A century ago, long before companies brought their wares to the Consumer Electronics Show (CES)—which debuted in 1967 and is currently underway in Las Vegas—futuristic gadgets were unveiled in similarly glitzy fashion at electrical shows held around the country.
The largest exhibitions were held in Chicago and New York. When Chicago’s first annual show—which featured “wireless” messages from President Teddy Roosevelt in Washington D.C. and inventor Thomas Edison in New Jersey—opened in 1906, fewer than 8 percent of U.S. households had electricity. According to Smithsonian, “By 1929, about 85 percent of American homes (if you exclude farm dwellings) had electricity and the early adopters of the 1920s—emboldened by the rise of consumer credit—couldn’t get their hands on enough appliances.”

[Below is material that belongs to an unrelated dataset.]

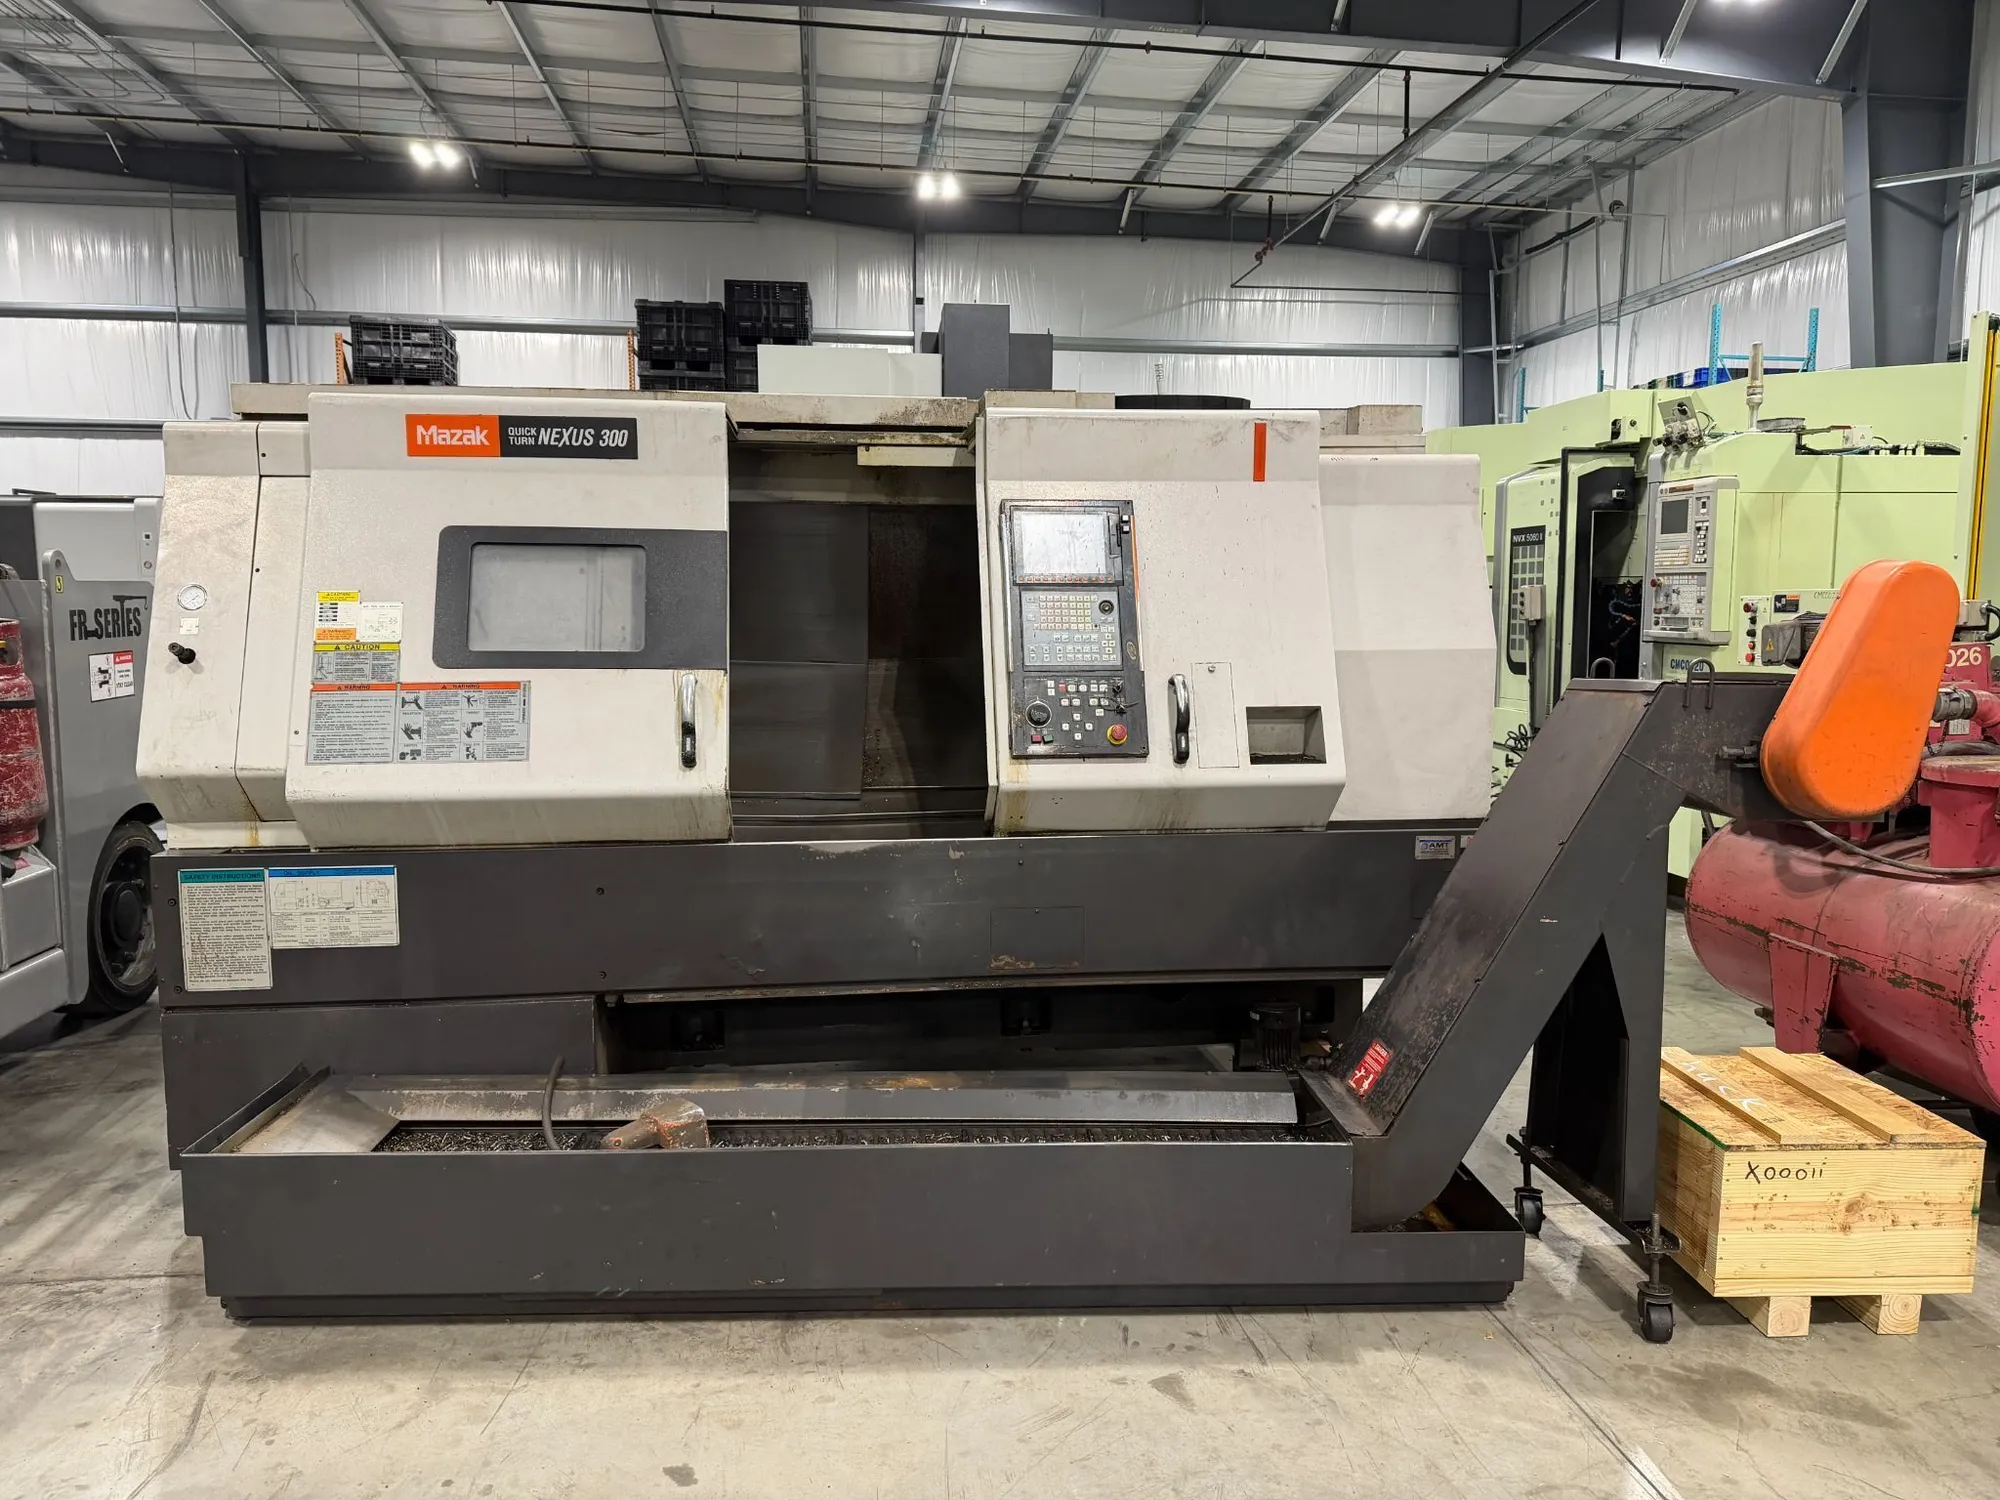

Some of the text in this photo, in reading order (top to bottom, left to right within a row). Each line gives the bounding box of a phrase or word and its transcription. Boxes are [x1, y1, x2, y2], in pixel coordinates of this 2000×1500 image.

[416, 424, 490, 446] Mazak
[508, 427, 537, 436] QUICK
[538, 426, 629, 447] NEXUS 300
[508, 436, 535, 445] TURN

Like CES does today, the early electrical shows relied heavily on demonstration of everything from electrically driven massagers and sewing machine motors to lighting (the 1909 New York Electrical Show, held in Madison Square Garden, was illuminated by 75,000 incandescent lamps) and the passing of 2,000,000 volts of electricity harmlessly through a man’s body. Manufacturers showed off dishwashers, mechanized milking machines, air ships, radio, and so much more at these shows, which continued until the Great Depression.